Aussitôt le premier tome dévoré, je me lance dans le second ! Le verrou du fleuve est la suite des aventures de Mériane. Ancienne paria devenue messagère du ciel, elle se retrouve investie de la mission sacrée de protéger le Royaume. En prime, elle peut entendre Wer, ce dont elle se serait bien passé. 

La critique du premier tome est par là.

Synopsis de Le verrou du Fleuve

L’armée démoniaque, mi-chair mi-machine, du dieu Aska est aux portes de Loered, la ville sur laquelle repose la défense et la stabilité du royaume – le Verrou du Fleuve. Le Verrou doit tenir, ou la Rhovelle est perdue. Mériane, à la tête de maigres renforts, compte bien honorer sa propre prophétie et libérer la ville. Mais quand les hommes se mêlent de contrarier les Dieux, elle en est réduite à limiter les dégâts. Face au désespoir qui s’installe, elle incarne le seul espoir du peuple, et l’instinct de survie fait taire, pour un temps, les dissensions. Pour autant, les manigances politiques se poursuivent en coulisses, et la guerre commence à peine que certains préparent déjà l’après. Mais sur la route du Verrou du Fleuve, son mythe s’écrira avant tout dans le sang, la terreur et la peine.

Une suite prenante

Une fois de plus, Lionel Davoust me convainc. Le roman est mené tambour battant après l’installation des personnages et des forces en présence. Dès lors, L’aventure prend une tonalité bien plus sombre, car la grande majorité prend conscience de la gravité de la situation. Car oui, c’est véritablement désespéré et on a envie de taper du poing sur la table pour dire à tout ce beau monde qu’il serait temps de prendre les bonnes décisions.

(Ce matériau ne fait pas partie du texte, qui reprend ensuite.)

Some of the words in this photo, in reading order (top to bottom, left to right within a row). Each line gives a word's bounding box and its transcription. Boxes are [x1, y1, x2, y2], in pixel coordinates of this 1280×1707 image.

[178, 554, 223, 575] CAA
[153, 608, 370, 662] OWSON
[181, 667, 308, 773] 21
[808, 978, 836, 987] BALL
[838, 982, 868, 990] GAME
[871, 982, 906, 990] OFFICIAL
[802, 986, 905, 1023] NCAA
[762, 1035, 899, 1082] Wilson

La pauvre Mériane continue de se faire malmener et gagne en maturité. Elle semble moins impulsive que dans le premier tome et prend conscience que, parfois, modérer ses propos est la meilleure solution. Même quand la personne en face de vous est un crétin fini. Léopol est toujours aux côtés de Mériane. Leur duo est cependant moins percutant, notamment car il rumine pas mal dans ce tome et cherche moins à se mettre en avant. 

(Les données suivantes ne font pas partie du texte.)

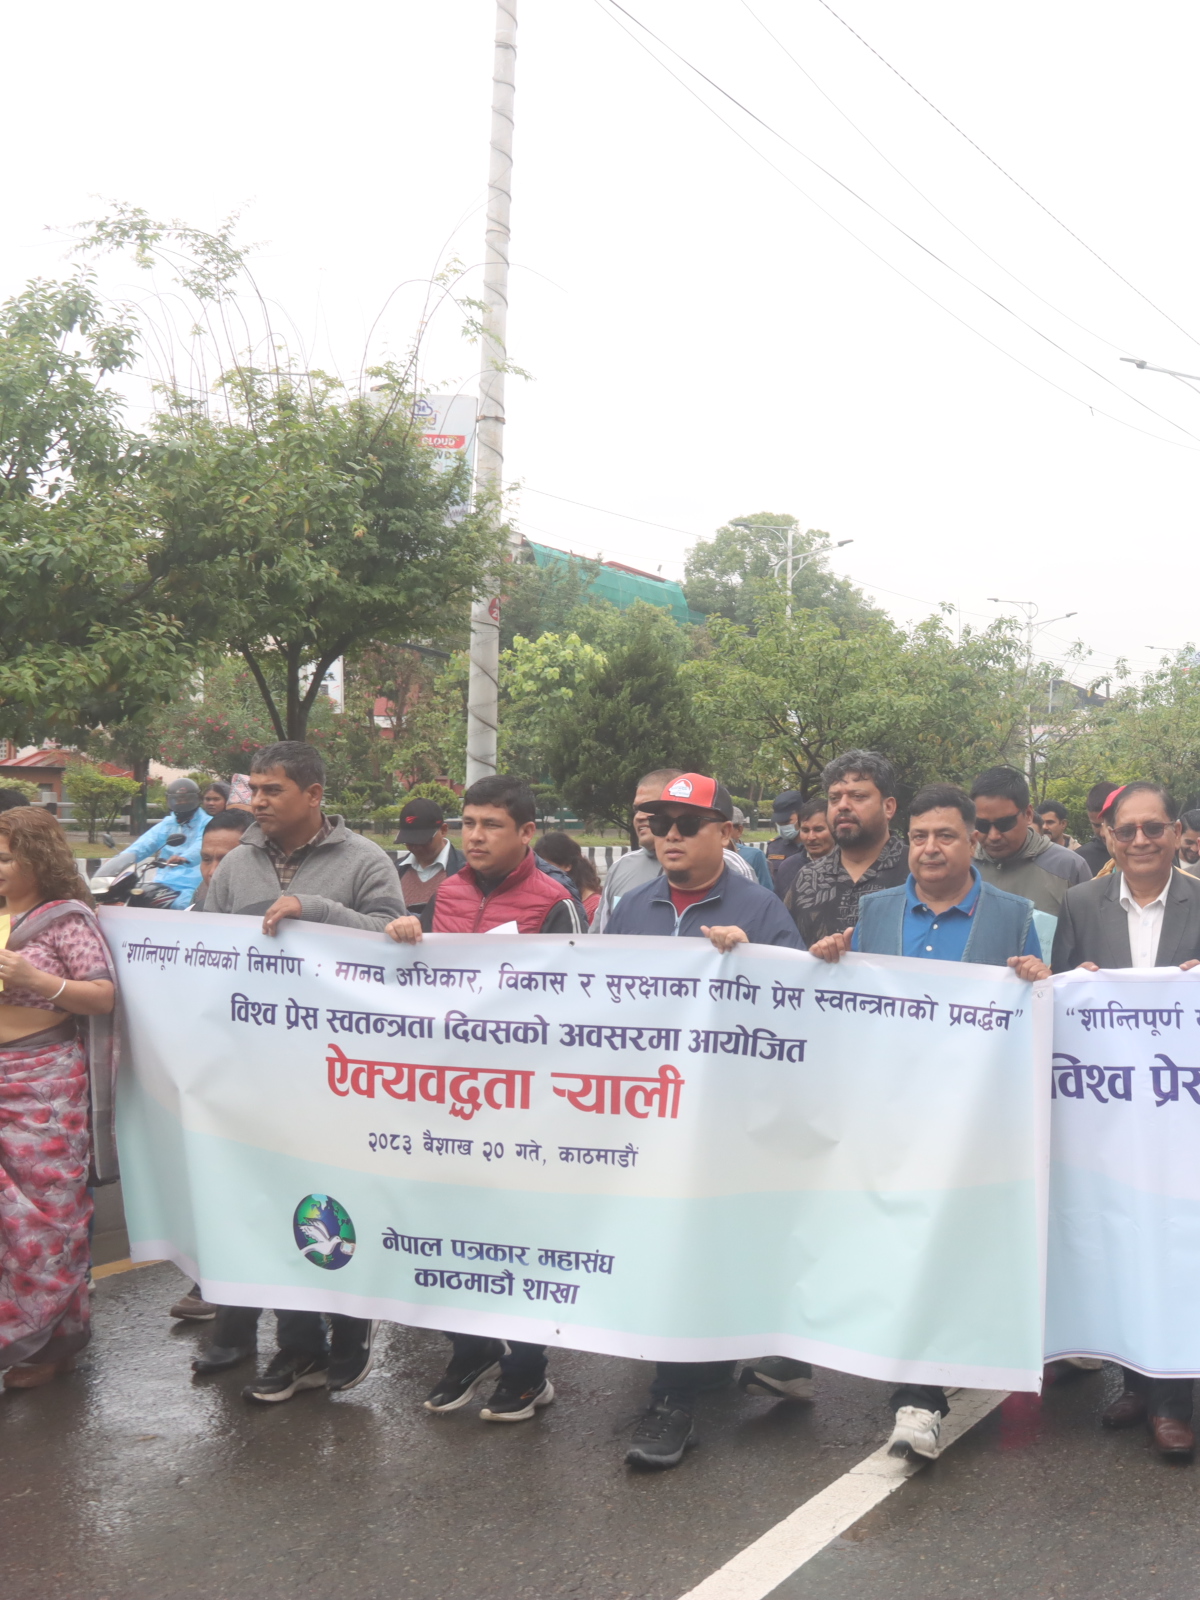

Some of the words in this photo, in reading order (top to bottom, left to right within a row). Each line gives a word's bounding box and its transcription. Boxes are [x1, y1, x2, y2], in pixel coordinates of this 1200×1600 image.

[421, 437, 456, 447] CLOUD
[185, 941, 240, 971] भविष्यको
[247, 946, 304, 976] निर्माण
[336, 962, 385, 984] मानव
[396, 961, 482, 992] अधिकार,
[499, 962, 568, 995] विकास
[578, 973, 596, 998] र
[605, 975, 701, 1003] सुरक्षाका
[709, 974, 761, 1005] लागि
[771, 980, 805, 1010] प्रेस
[814, 989, 939, 1021] स्वतन्त्रताको
[231, 992, 278, 1026] विश्व
[285, 998, 319, 1030] प्रेस
[326, 1009, 435, 1039] स्वतन्त्रता
[444, 1010, 550, 1045] दिवसको
[559, 1024, 682, 1051] अवसरमा
[688, 1024, 807, 1063] आयोजित
[1051, 1052, 1136, 1105] विश्व
[369, 1132, 412, 1155] २०८३
[423, 1129, 474, 1156] बैशाख
[483, 1142, 504, 1162] २०
[515, 1140, 546, 1166] गते,
[558, 1143, 639, 1168] काठमाडौं
[381, 1227, 443, 1257] नेपाल
[450, 1239, 530, 1266] पत्रकार
[537, 1248, 615, 1275] महासंघ
[523, 1278, 580, 1304] शाखा

J’ai trouvé dommage que Chunsène soit également moins présente le long du roman. J’aurais aimé avoir plus d’aperçus de sa façon d’interagir avec les autres personnages de Rhovelle, elle qui est si différente. J’aime toutefois beaucoup le mystère entretenu autour de la belle Mange-doigts, qui perd un peu de son côté Mary-Sue providentielle pour devenir un personnage plus nuancé. Quant à Izara, disons que j’ai un peu de mal de voir où ses décisions vont la mener.

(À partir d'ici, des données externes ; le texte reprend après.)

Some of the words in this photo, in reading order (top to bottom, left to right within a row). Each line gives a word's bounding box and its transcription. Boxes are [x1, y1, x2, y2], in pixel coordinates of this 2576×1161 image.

En parlant d’Izara, la politique prend en effet moins de place dans ce tome. C’était un reproche que je faisais au premier titre de la saga, dont les parties politiques avaient tendance à ralentir l’action et causait quelques longueurs. Ici, le roman est nerveux et plein d’action, ce qui se justifie par l’urgence de la situation.

L’écriture est simple et va droit au but. La mise en scène de certains combats est très claire et nous offre des moments très prenants. De plus, Lionel Davoust ne lésine pas pas sur les effets gore pour nous faire comprendre à quel point les antagonistes sont terribles et cruels. Si l’histoire semble toujours manichéenne, on se méfie un peu plus de Wer qui n’est pas toujours très transparent.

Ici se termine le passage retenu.